DATASET RECORDS START
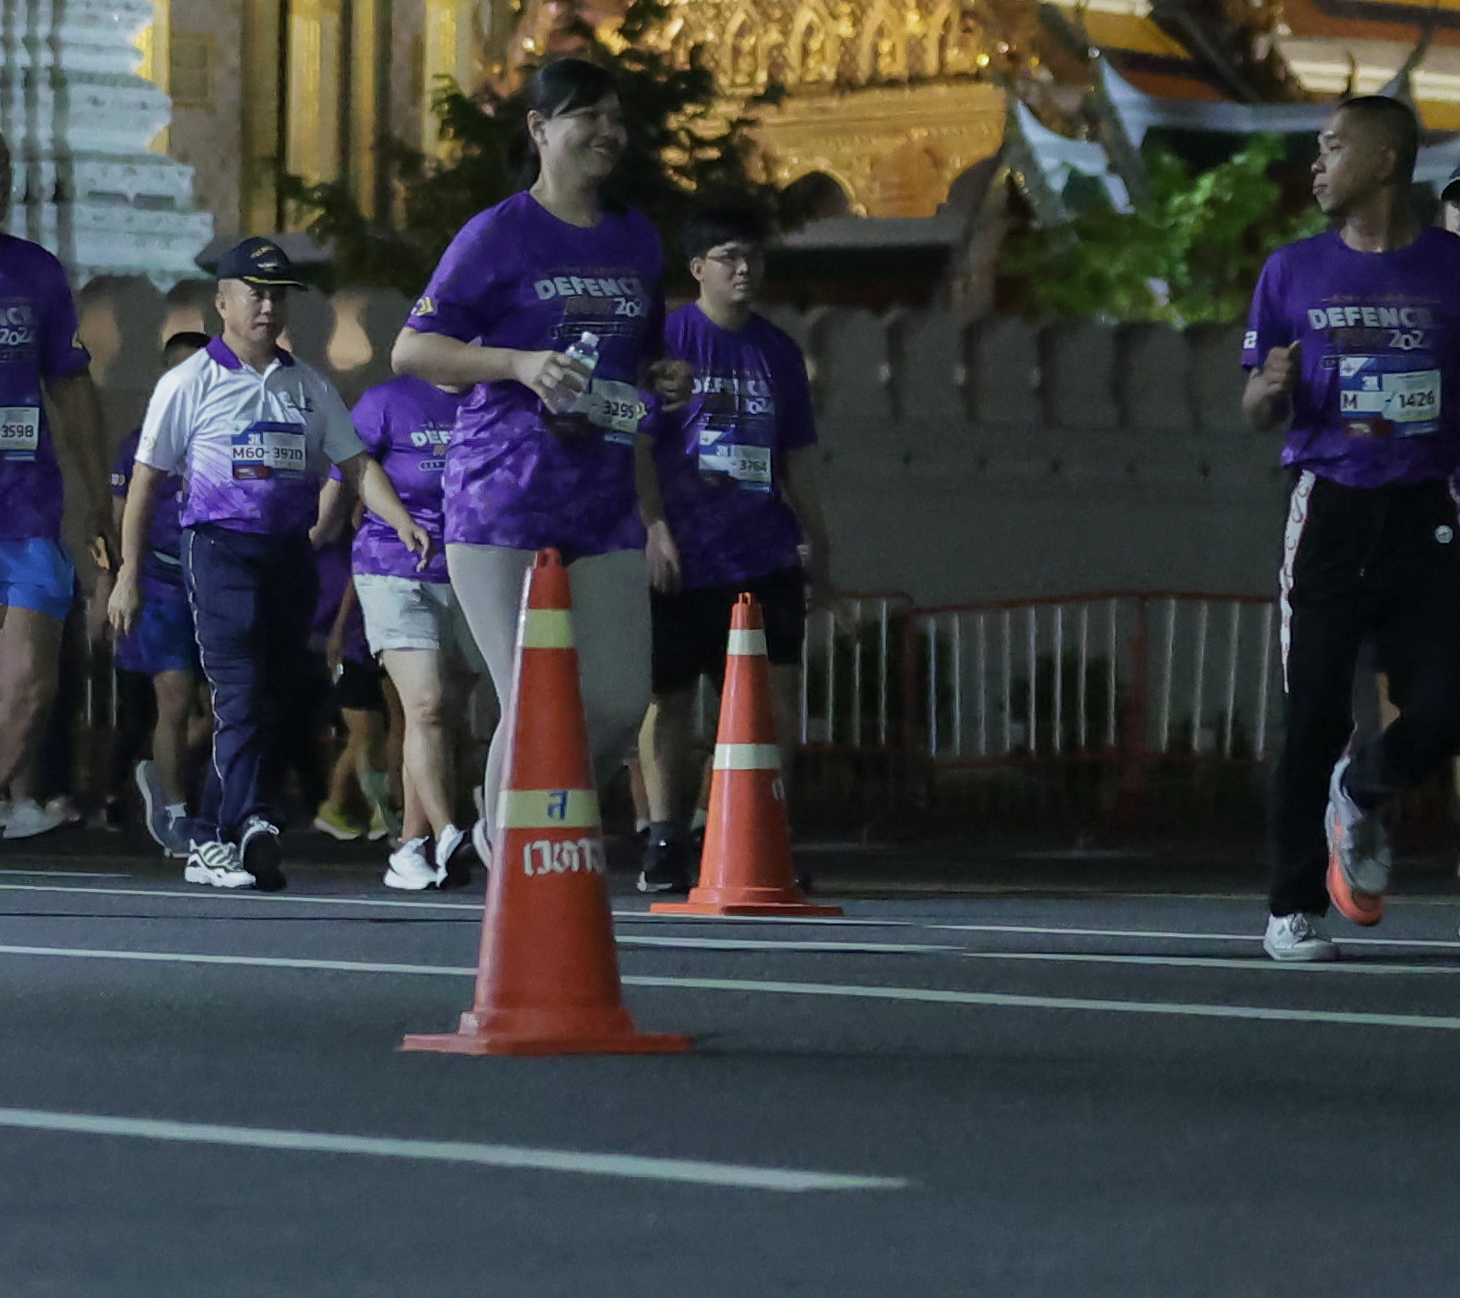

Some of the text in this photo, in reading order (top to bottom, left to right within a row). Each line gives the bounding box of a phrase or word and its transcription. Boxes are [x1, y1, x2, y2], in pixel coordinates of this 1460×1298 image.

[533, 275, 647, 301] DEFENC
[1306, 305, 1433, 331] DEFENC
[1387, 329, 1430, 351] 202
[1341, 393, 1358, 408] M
DATASET RECORDS END
**EXERCISE REQUIREMENTS**:
Leave out the pictures and copy the rest of the material above exactly.

**FINISHED EXERCISE**:
Some of the text in this photo, in reading order (top to bottom, left to right within a row). Each line gives the bounding box of a phrase or word and its transcription. Boxes are [x1, y1, x2, y2], in pixel coordinates of this 1460×1298 image.

[533, 275, 647, 301] DEFENC
[1306, 305, 1433, 331] DEFENC
[1387, 329, 1430, 351] 202
[1341, 393, 1358, 408] M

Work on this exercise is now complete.